Referring expression grounding data
== Segment start ==

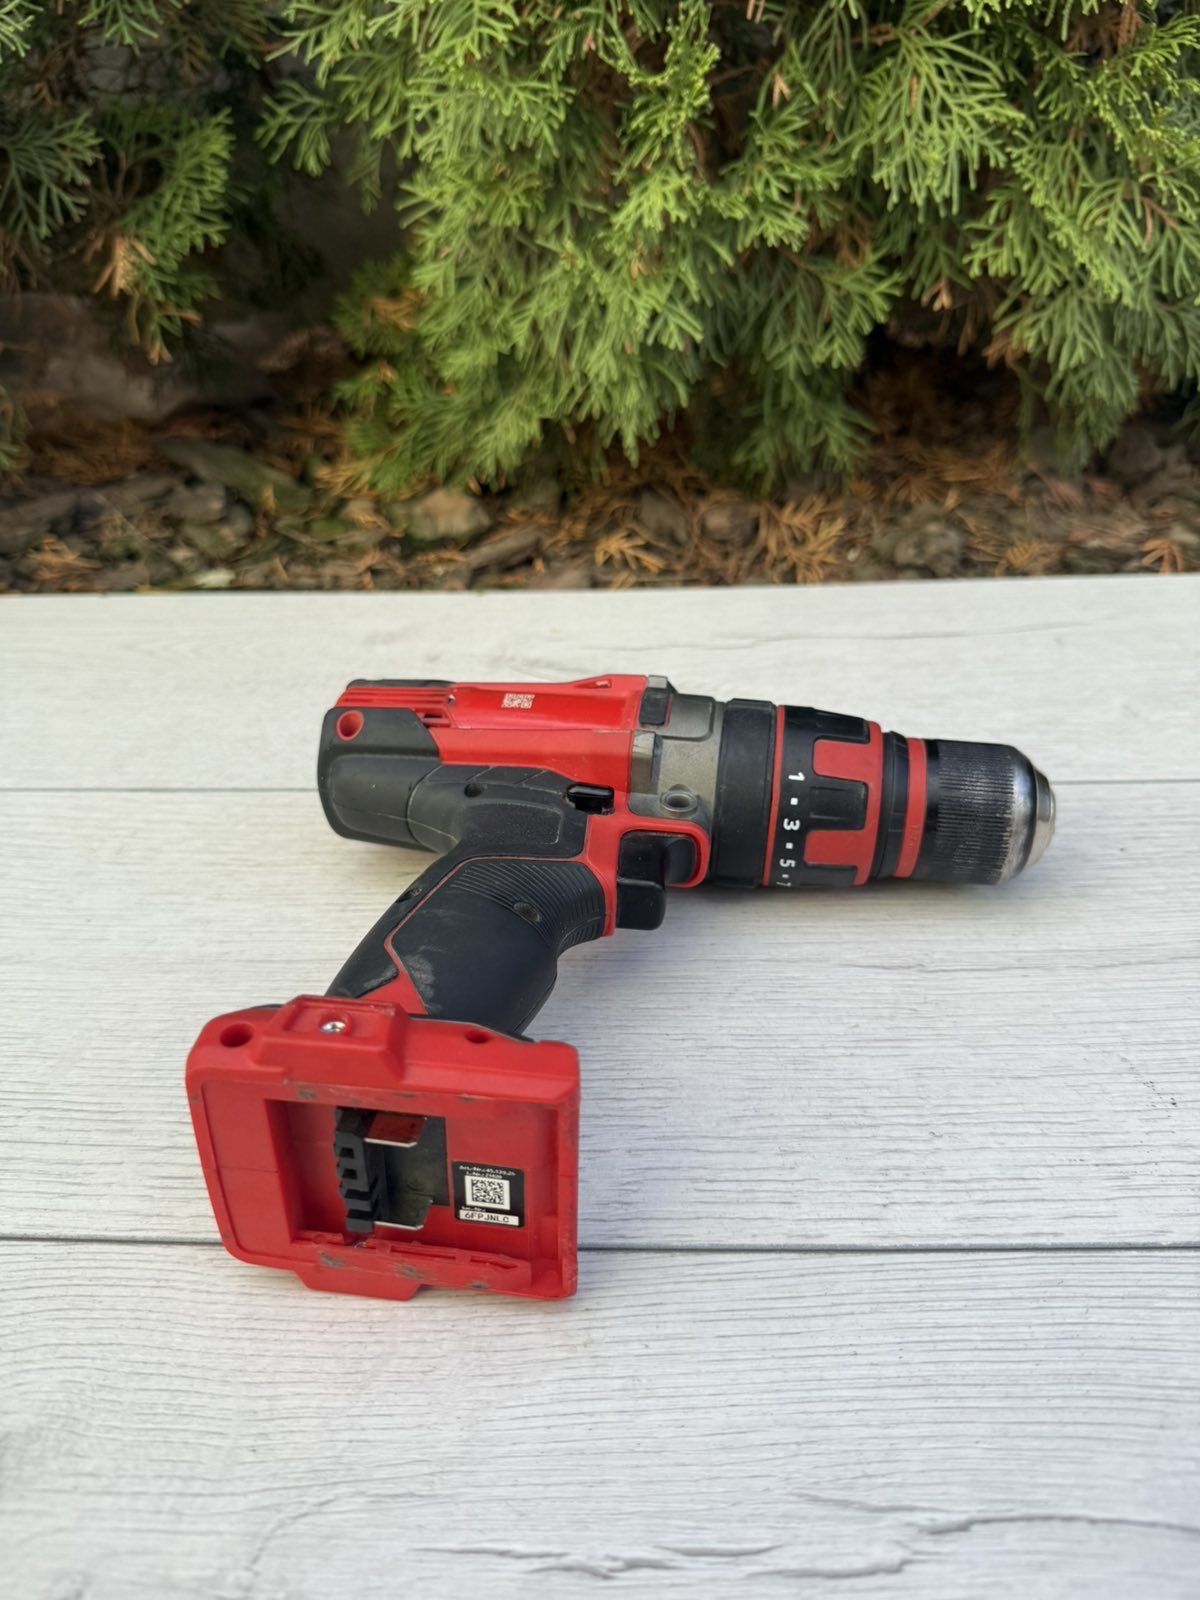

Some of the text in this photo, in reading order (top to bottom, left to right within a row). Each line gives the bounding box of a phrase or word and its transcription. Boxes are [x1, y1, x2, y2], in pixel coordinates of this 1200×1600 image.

[788, 772, 805, 782] 1
[783, 818, 800, 831] 3
[779, 858, 796, 868] 5
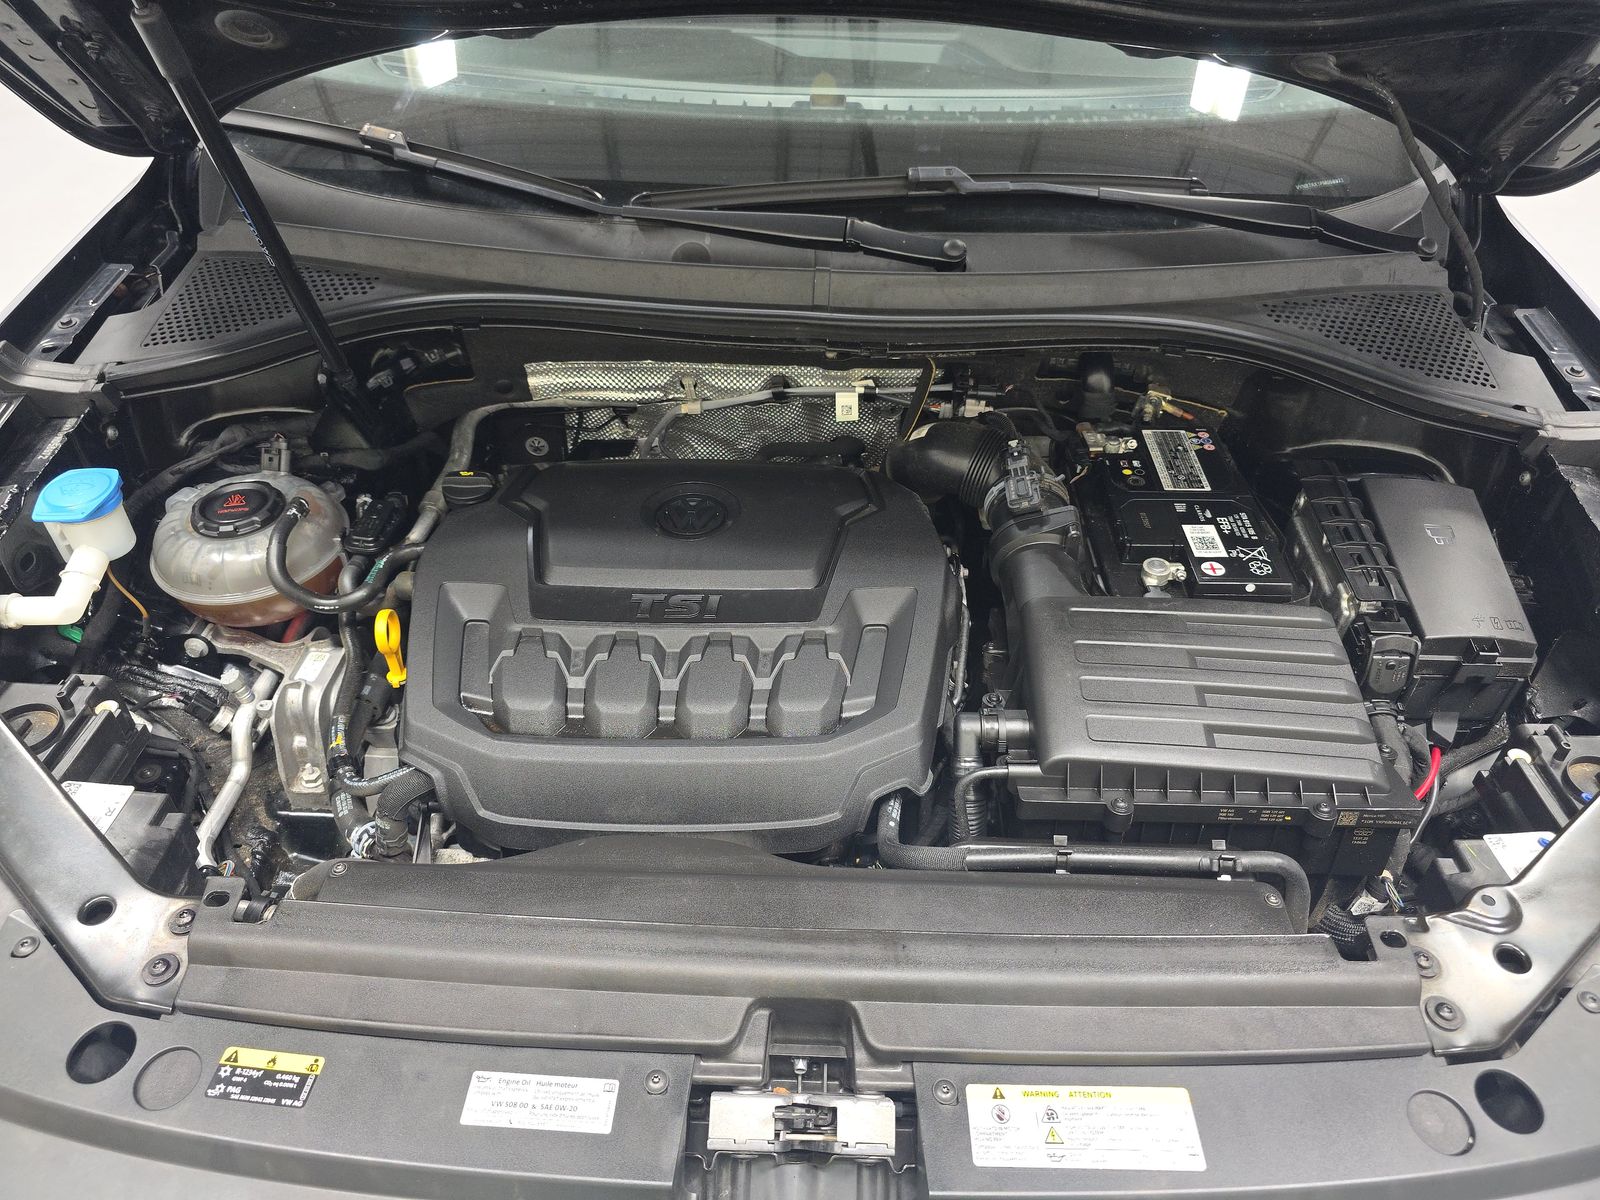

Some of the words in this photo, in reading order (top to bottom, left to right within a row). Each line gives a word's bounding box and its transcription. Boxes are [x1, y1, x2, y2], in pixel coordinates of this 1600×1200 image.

[1216, 517, 1231, 534] EFB+
[631, 593, 722, 618] TSI
[498, 1078, 520, 1087] Engine
[226, 1085, 242, 1094] PAG
[1022, 1090, 1060, 1098] WARNING
[1068, 1090, 1112, 1099] ATTENTION

== Segment end ==

Task to complete
Using the records above, please repeat the line with "Some of the words" and every line after it exactly, and give no other text.

Answer to this problem
Some of the words in this photo, in reading order (top to bottom, left to right within a row). Each line gives a word's bounding box and its transcription. Boxes are [x1, y1, x2, y2], in pixel coordinates of this 1600×1200 image.

[1216, 517, 1231, 534] EFB+
[631, 593, 722, 618] TSI
[498, 1078, 520, 1087] Engine
[226, 1085, 242, 1094] PAG
[1022, 1090, 1060, 1098] WARNING
[1068, 1090, 1112, 1099] ATTENTION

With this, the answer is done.